I have been recovered from my eating disorder for about 2 years now. I have my good days and bad, but for the most part it stays in my past.
“Triggers” are what people with eating disorders have come to know as little or big things triggering that anxiety in your mind. That voice in the back of your mind that has the power to ruin your whole day.
I have labeled my ED as “Ana” short for anorexia, originally because that word has always been so scary and daunting to me, but now it’s my way of putting a face on it and dealing with it head on instead of avoiding it out of fear.
Dressing rooms are a major trigger for me, even still. I dread going in there, it scares the hell out of me. It’s like a time machine bringing me back to a dark place of absolute self hatred and insecurity.
Today, I faced my fear and walked into the fitting room. I always have a little pep talk with myself, as silly as that sounds. I tell myself that it’s okay if the clothes don’t fit me. I try to be positive. I try to fill my head with self affirmations, a practice everyone raves about. But then, I try the first outfit on.
What do you see when you see this photo? A tank top? Some classic blue jeans?
My mind during this exact moment: “I hate this. God I need to get my ass in gear. I wish my hips weren’t so freaking wide. Why does this shirt make my belly look so fat? Why does my waist like look huge right now? I’m so bloated…”
I tear myself apart.
And why?! I go to the gym, I work out, I eat healthy. What’s the problem? I’m a petite girl, so people don’t understand why I struggle, but I do. It’s a mental battle.

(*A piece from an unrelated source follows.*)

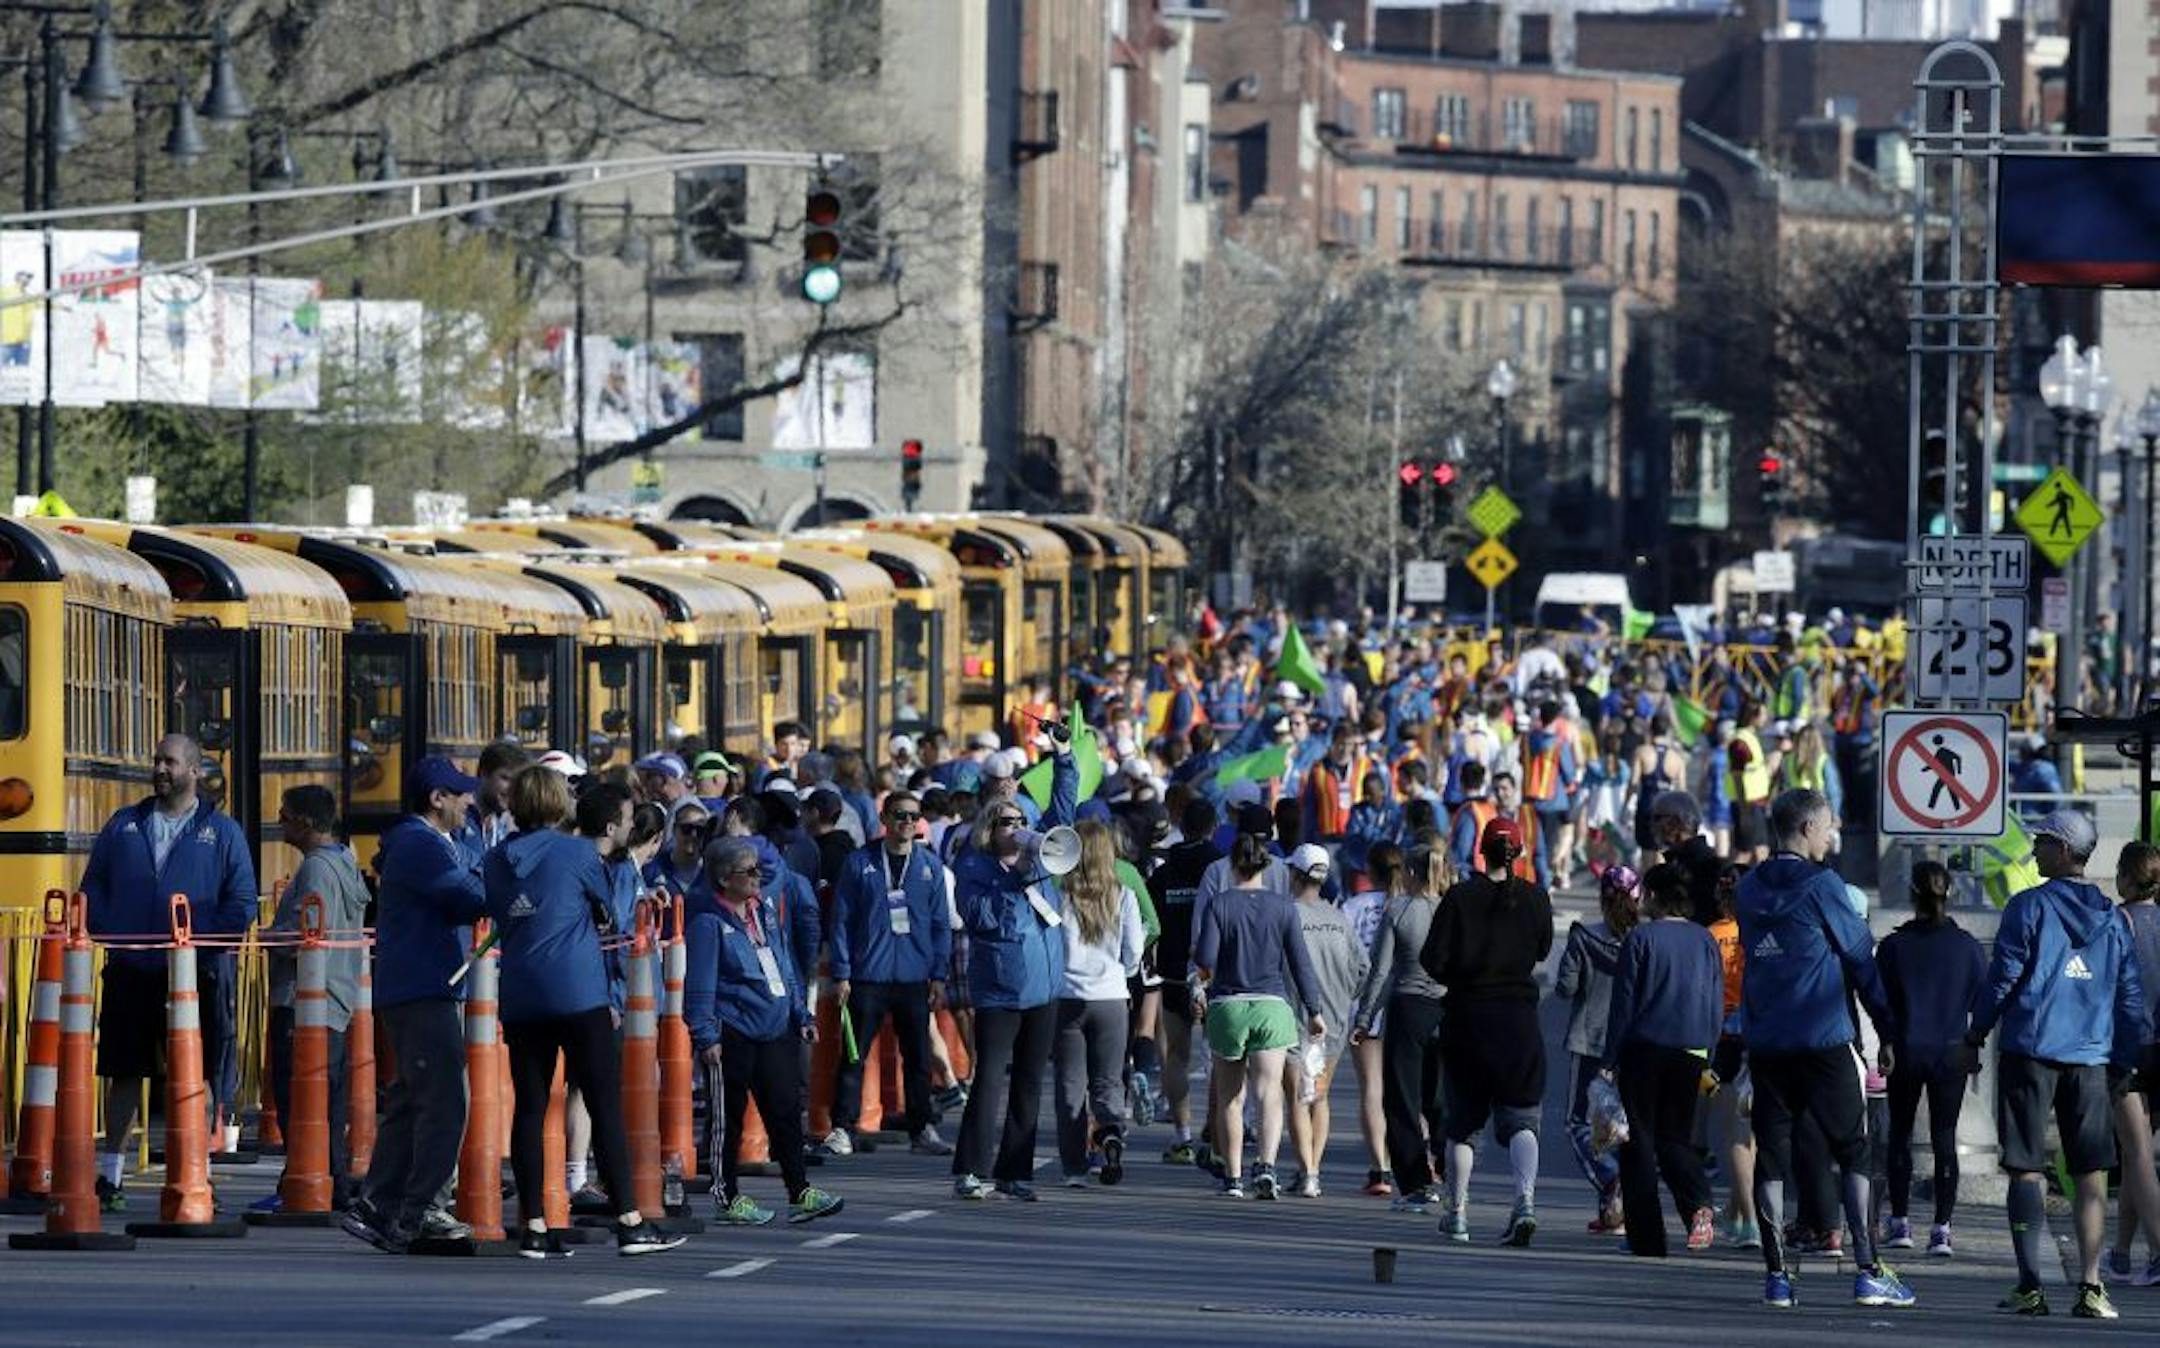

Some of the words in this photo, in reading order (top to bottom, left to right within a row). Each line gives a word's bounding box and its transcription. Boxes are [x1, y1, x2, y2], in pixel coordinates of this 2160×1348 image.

[1925, 547, 2021, 579] NORTH
[1928, 619, 2014, 676] 28
[1302, 923, 1345, 935] ANTAS
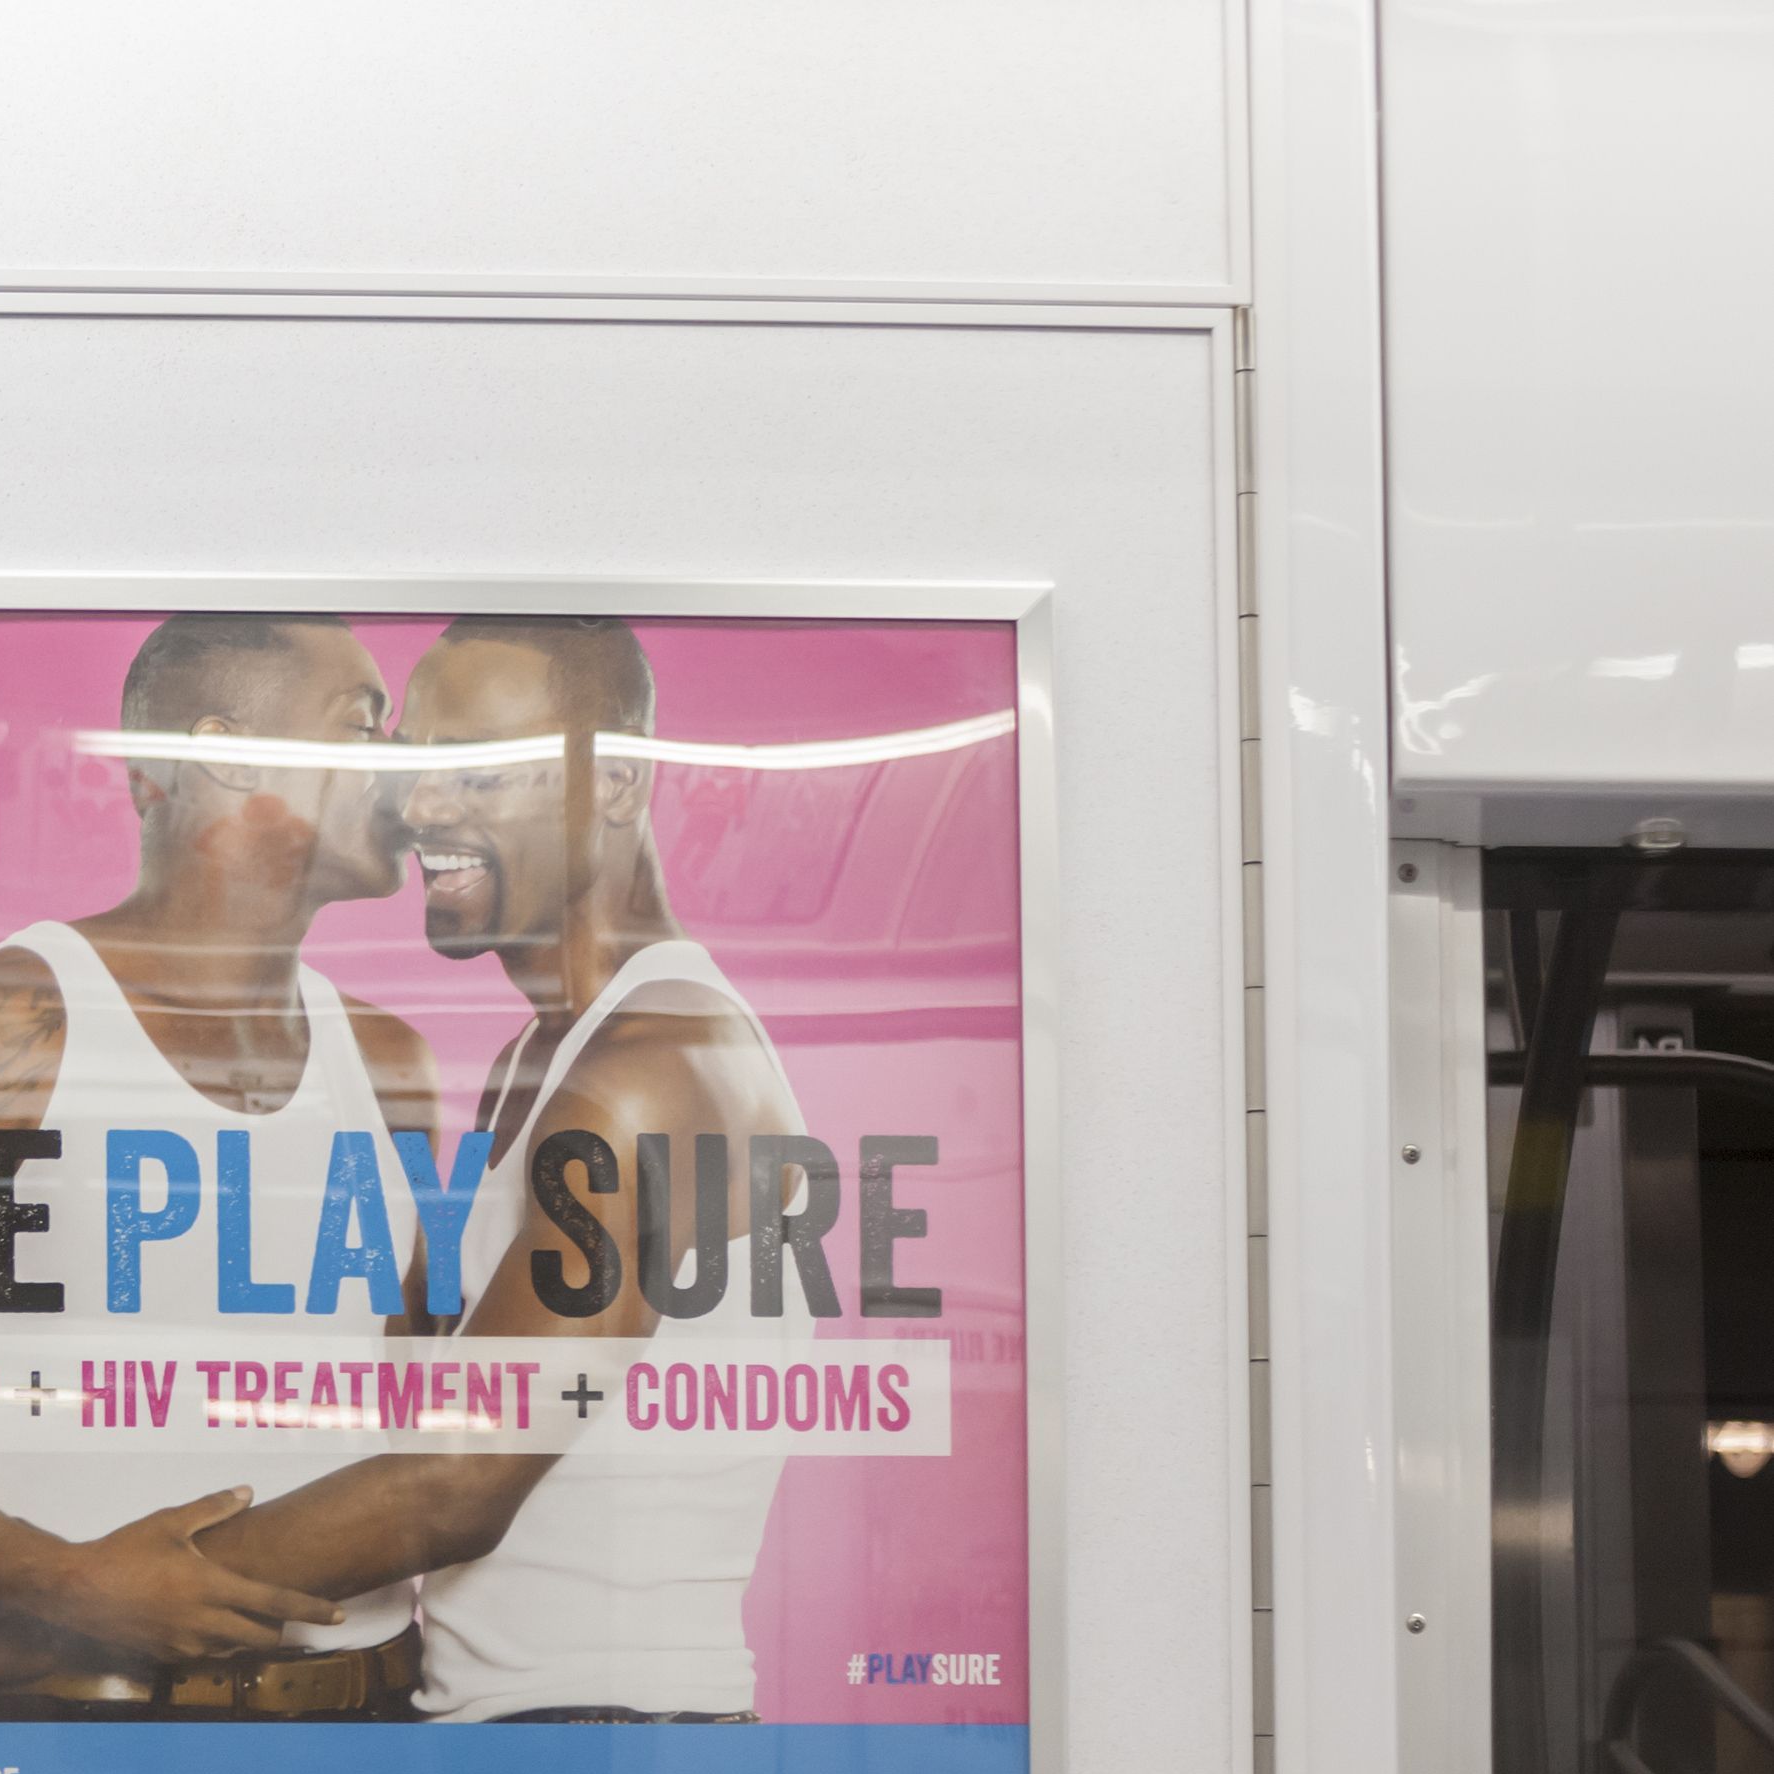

So, you know what I did?I got back into my clothes I had walked in there with and walked back out into the store. I went and grabbed a pair of loosely fitting shorts, and turned to head to the counter. I’m fit, but wasn’t “fit” enough for the tight jeans in my mind. I wasn’t a tall stick figure so I talked myself out of the jumpsuit. I was about to walk up to the register, when a wave of anger came over me. I was so frustrated and upset. I felt so defeated.
I walked my curvy ass right back to that jumpsuit, and didn’t give myself the chance to talk myself out of it as I trudged up to the register.
The cashier looked at me and saw a girl with clothes. She didn’t know that it was the bravest thing I’ve done for myself in a while. She didn’t know the internal battle I had gone through. She didn’t know the sense of accomplishment I felt. But I did. That’s the thing about eating disorders, it’s a big dark secret, one that often stays hidden from the world.
I have good days with bad moments. I am strong and I have moments of weakness. I am scared but I am brave. Contradictory right?
I think we all have to experience weakness to learn how to overcome it and face it with strength. I think that we all have to feel those bad moments to learn how to compartmentalize and realize that it’s just a bad moment, not an entire day. I think that we have to fear things in order to become brave, because how could you be courageous without feeling the fear and doing it anyway?
I have struggled and I still struggle. I still have moments that I hate my body. My chest still tightens worrying about how “fat” I feel at times, but you know what? I am recovered and I am proud of myself for every dressing room I have conquered.
It may just be a dressing room to people who have never lived with an eating disorder, but to those who battle it or have in the past, they know this internal struggle to be more than true.
Face it. Overcome it. Buy that damn jumpsuit.